Внезапно над головой, очень низко, промчались три наших штурмовика. "Илы" завернули над дорогой, на всех машинах замахали руками, закричали радостно: "Наши, наши!", и никто не успел даже опомниться, как штурмовики пошли в боевой заход. Серая низкая оболочка неба лопнула - не хотелось верить, что ее разорвали пулеметные очереди с самолетов. Рядом с машиной связистов что-то звонкое будто высыпалось на дорогу.
"Илы" приняли колонну за немецкую. Такие ошибки бывают, особенно когда нет твердой линии фронта и все движется, колеблется. Люди, чертыхаясь, крича, летели через борта машин, пытаясь укрыться в придорожных канавах, вовсю костили летчиков. В канаве по соседству со связистами оказался черный свирепый артиллерийский капитан. Когда самолеты сделали круг, он выскочил на дорогу и, размахивая пистолетом, зачем-то вынутым из кобуры, кричал, будто летчики могли услышать его:
- Назад, назад! Куда вас несет? Ослепли, что ли? Попадись на земле, пристрелить вас мало, крылатых соколов!..
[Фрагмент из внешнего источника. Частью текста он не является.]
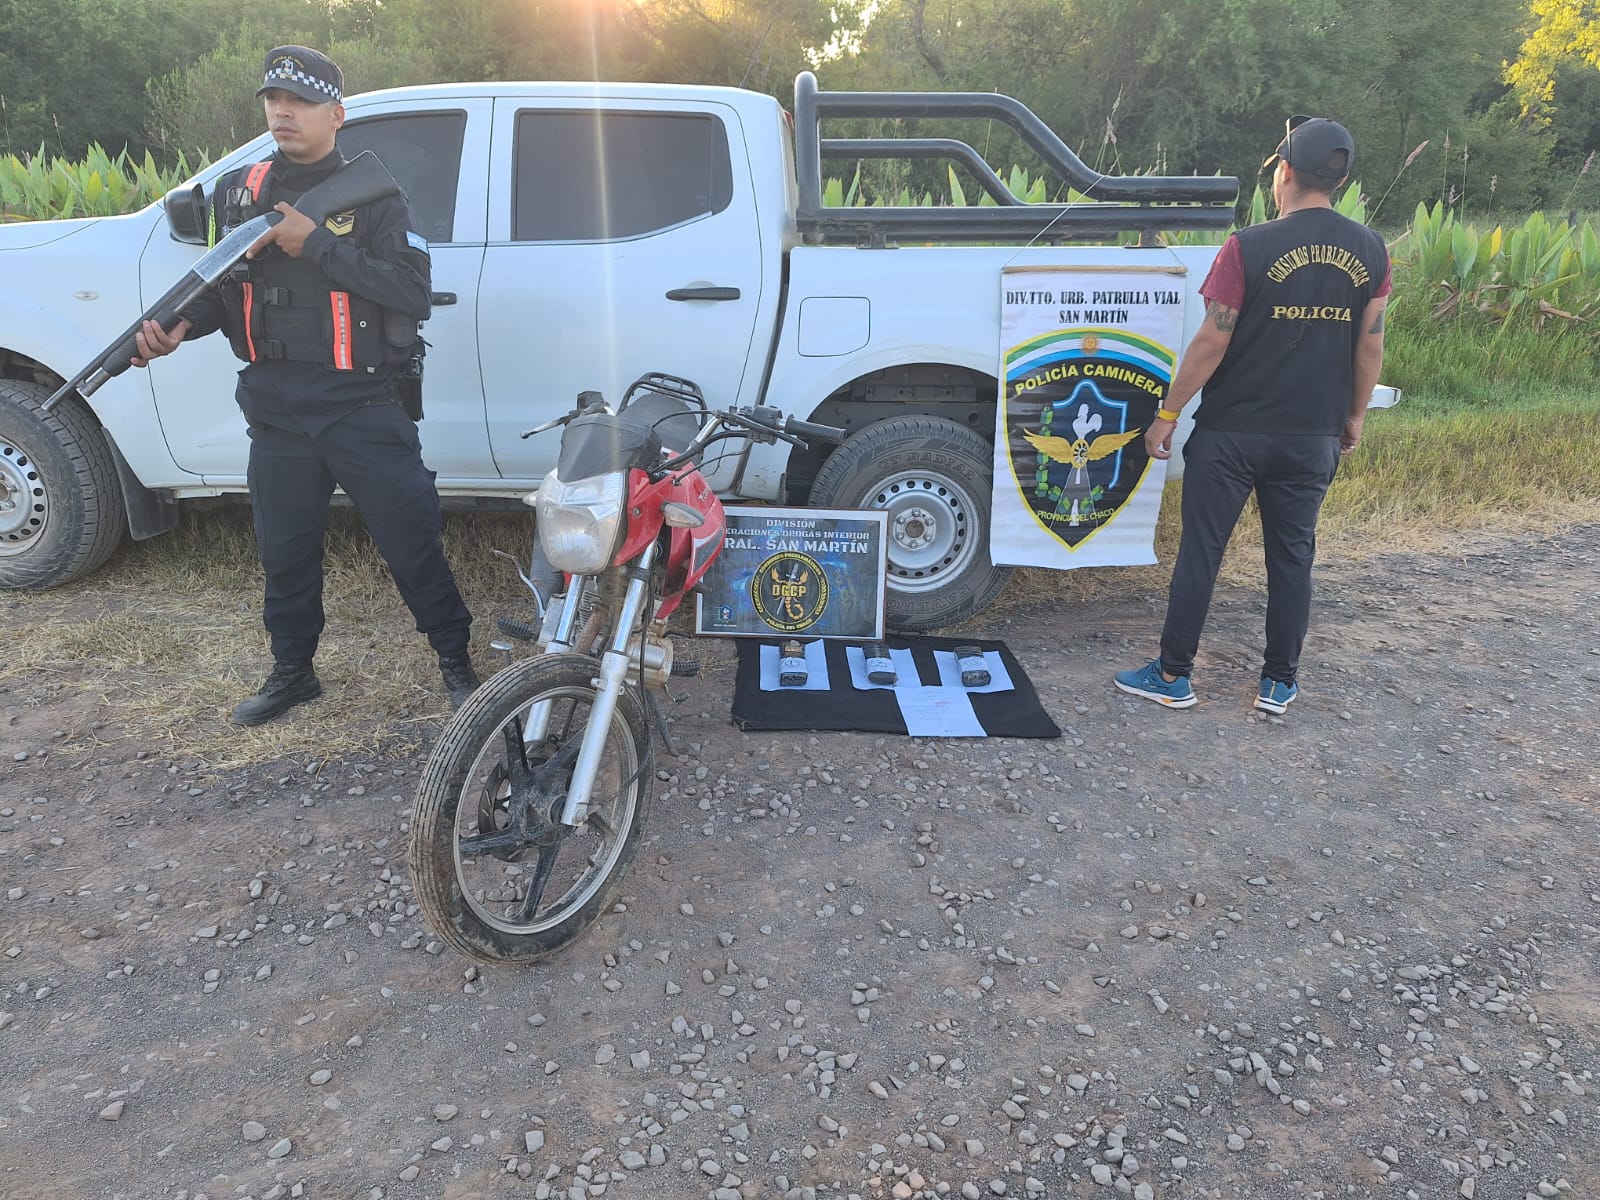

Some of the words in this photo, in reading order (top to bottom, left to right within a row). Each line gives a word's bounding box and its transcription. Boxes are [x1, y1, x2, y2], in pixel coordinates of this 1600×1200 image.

[1266, 245, 1310, 283] CONSUMOS
[1006, 291, 1056, 305] DIV.TTO.
[1060, 291, 1088, 305] URB.
[1092, 291, 1149, 305] PATRULLA
[1154, 291, 1181, 305] VIAL
[1059, 309, 1080, 324] SAN
[1083, 307, 1129, 324] MARTÍN
[1271, 305, 1352, 322] POLICIA
[1014, 363, 1079, 396] POLICÍA
[1083, 363, 1164, 398] CAMINERA
[766, 518, 816, 529] DIVISIÓN
[1037, 510, 1073, 523] PROVINCIA
[1089, 508, 1114, 520] CHACO
[782, 530, 822, 539] DROGAS
[823, 531, 870, 541] INTERIOR
[723, 537, 761, 551] RAL.
[766, 539, 799, 551] SAN
[803, 538, 868, 554] MARTÍN
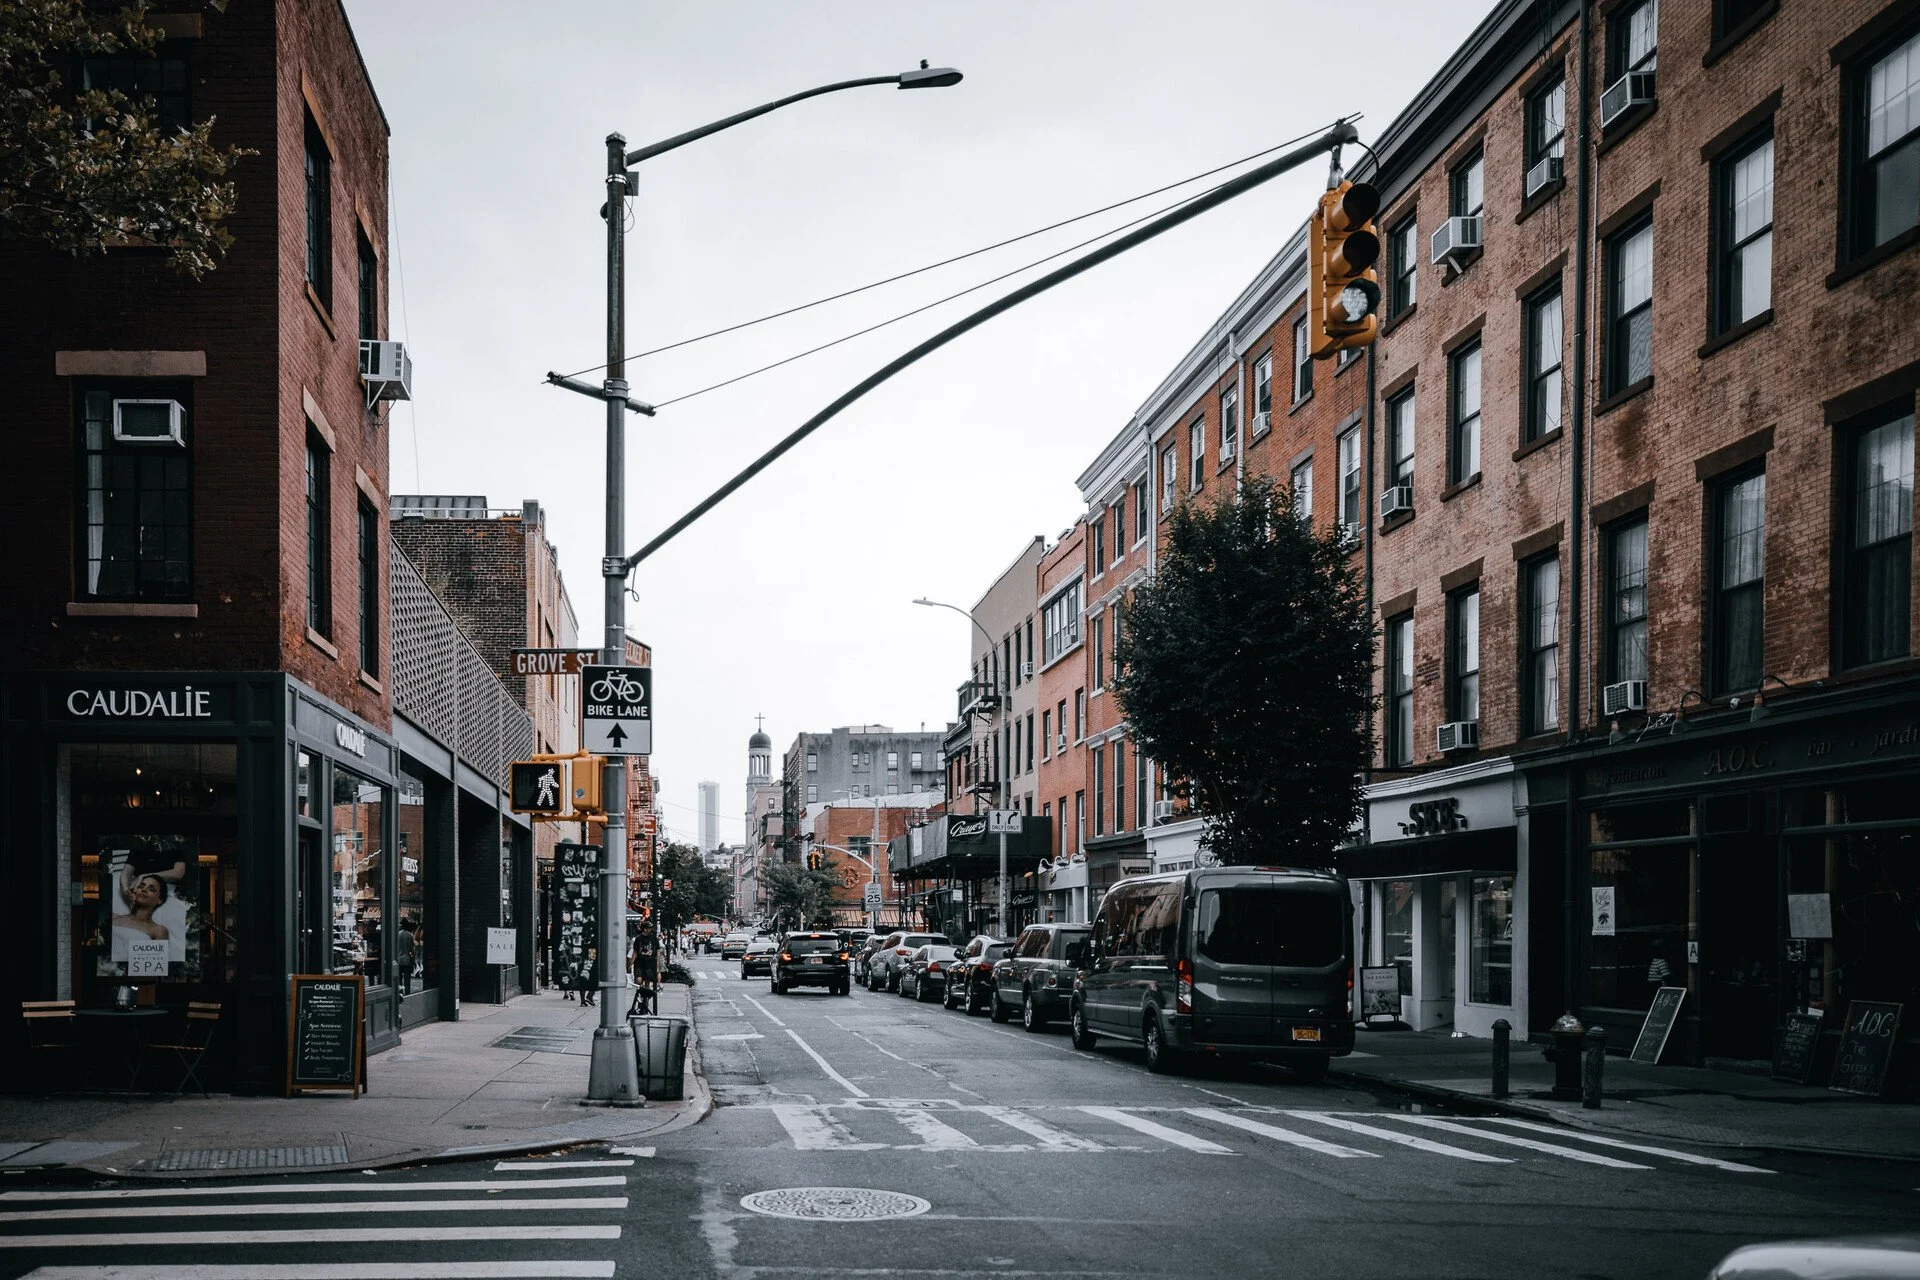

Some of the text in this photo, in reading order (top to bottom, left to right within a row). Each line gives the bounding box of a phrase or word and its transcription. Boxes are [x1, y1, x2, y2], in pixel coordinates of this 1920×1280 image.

[516, 652, 594, 674] GROVE ST
[587, 704, 648, 717] BIKE LANE
[867, 895, 881, 903] 25
[1690, 943, 1698, 957] A
[133, 961, 164, 973] SPA
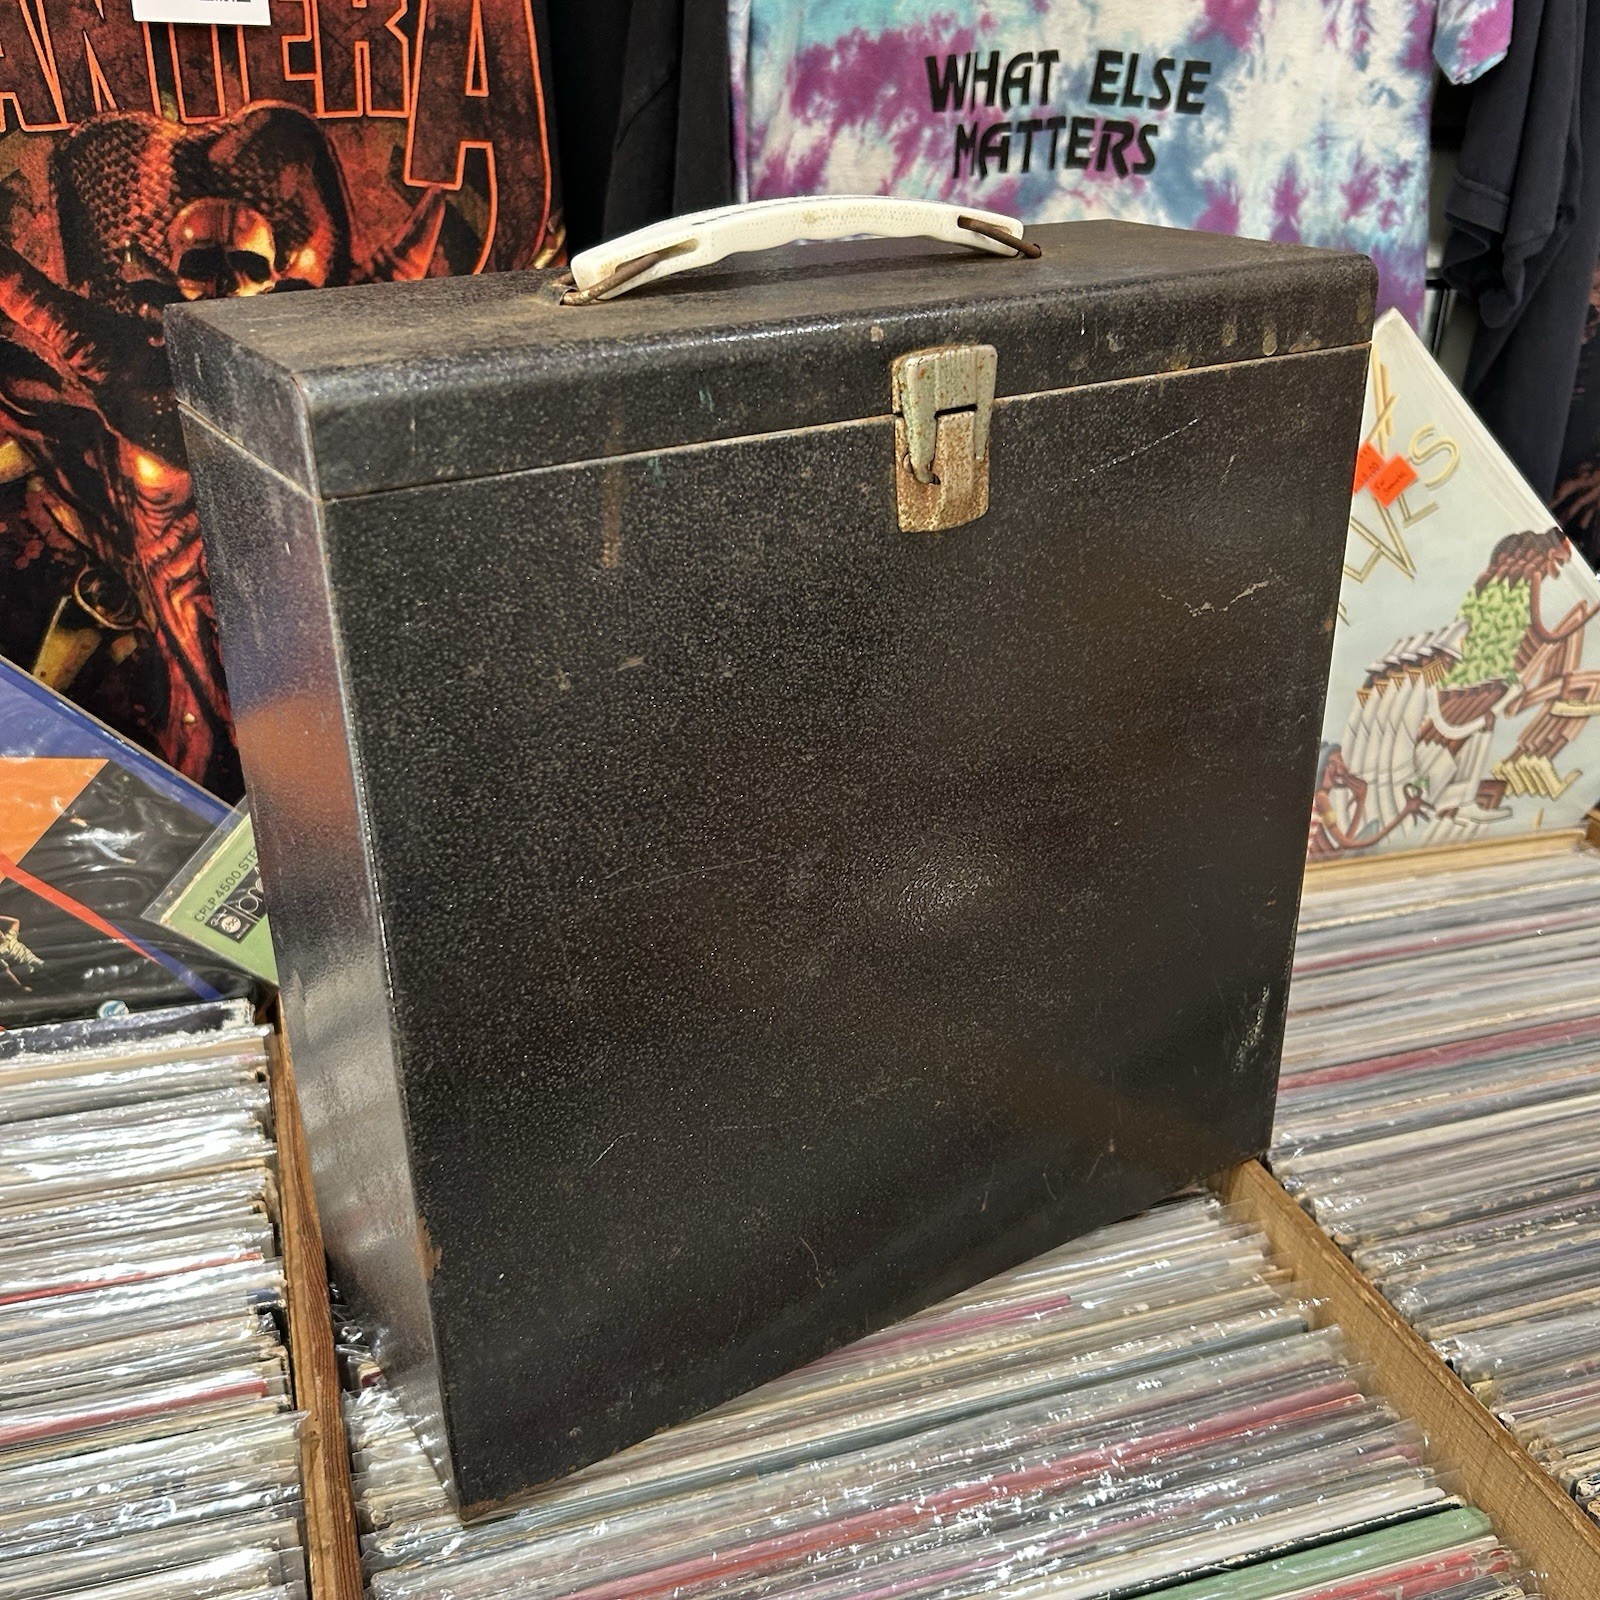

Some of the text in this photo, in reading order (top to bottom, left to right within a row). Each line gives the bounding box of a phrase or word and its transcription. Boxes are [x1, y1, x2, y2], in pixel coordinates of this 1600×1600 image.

[924, 49, 1212, 115] WHAT ELSE
[952, 116, 1159, 180] MATTERS
[194, 846, 258, 922] CPLP 4500 STE
Самолеты не вняли его голосу, завывая, ринулись на второй заход. Все снова залегли в канавах. На дороге, у своей машины, остался один Троицкий. Он стоял, скрестив на груди руки, и, казалось, безразлично смотрел куда-то вдаль.
- Ежик! - закричала Надя, выскочив на дорогу и устремляясь к Троицкому.
- Наза-а-ад! - свирепо заорал из канавы артиллерийский капитан. - Назад, пристрелю!..
Надя в страхе присела. На мостовую опять посыпалось звонкое, капитан выпрыгнул на дорогу, схватил Надю, почти бросил ее в канаву, плюхнулся рядом с нею сам.
- Дуреха зеленая!..
После второго захода штурмовиков, напуганные не на шутку, из канав выбежали на дорогу все, кто был здесь, замахали винтовками, автоматами, шапками, закричали кто что мог.
И до летчиков будто дошел многоголосый крик. Самолеты уже сделали разворот на третий заход, но вдруг качнулись, легли на левое крыло, быстро ушли по-над кустами в сторону.
- От бисовы души! - смущенный чем-то, сказал артиллерийский капитан, когда самолеты отвалили. - Ни за что ни про что башку продырявлють…
Шелковников засмеялся громче всех, мотая обнаженной головой. Он предусмотрительно снял свою фуражку с "капустой", заслышав, какой страшной карой грозил артиллерийский капитан летчикам во время налета.